Impact of the COVID-19 Pandemic on Science and Research: IFS Board Chair’s Perspective

Published: 2021-03-26

Welcome to 2021! As the world grapples with the COVID-19 pandemic and its consequences, we will use the next few months’ blog posts to hear from a range of IFS community members, in response to the questions:


Nighisty Ghezae, IFS Director

  • In what specific ways has the COVID-19 pandemic been a setback for science and research in your country? In what ways a leap forward?

  • How has COVID-19 been affecting you?

This month’s perspective is offered by Prof Patrick Van Damme, IFS Board Chair.

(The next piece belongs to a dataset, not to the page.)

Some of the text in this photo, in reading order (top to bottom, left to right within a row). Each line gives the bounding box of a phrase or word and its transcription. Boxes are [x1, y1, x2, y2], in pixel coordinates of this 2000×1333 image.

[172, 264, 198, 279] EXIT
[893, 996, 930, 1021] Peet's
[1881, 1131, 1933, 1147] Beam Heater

I am mainly a Belgium-based professor in (sub)tropical agriculture and ethnobotany. My main position is with Ghent University, although I also teach and supervise students at the Czech University of Life Sciences, Faculty of Tropical AgriSciences. I say ‘mainly’ Belgium-based as, before the pandemic struck and confined us all, I was – as one of my students put it – professor of the seven seas, and travelling to lecture, participate in conferences, supervise students, and prepare, monitor and evaluate R&D projects. All of this stopped abruptly after 13 March 2020 when the first lockdown hit Belgium, and most of the other countries I worked in, or used to visit.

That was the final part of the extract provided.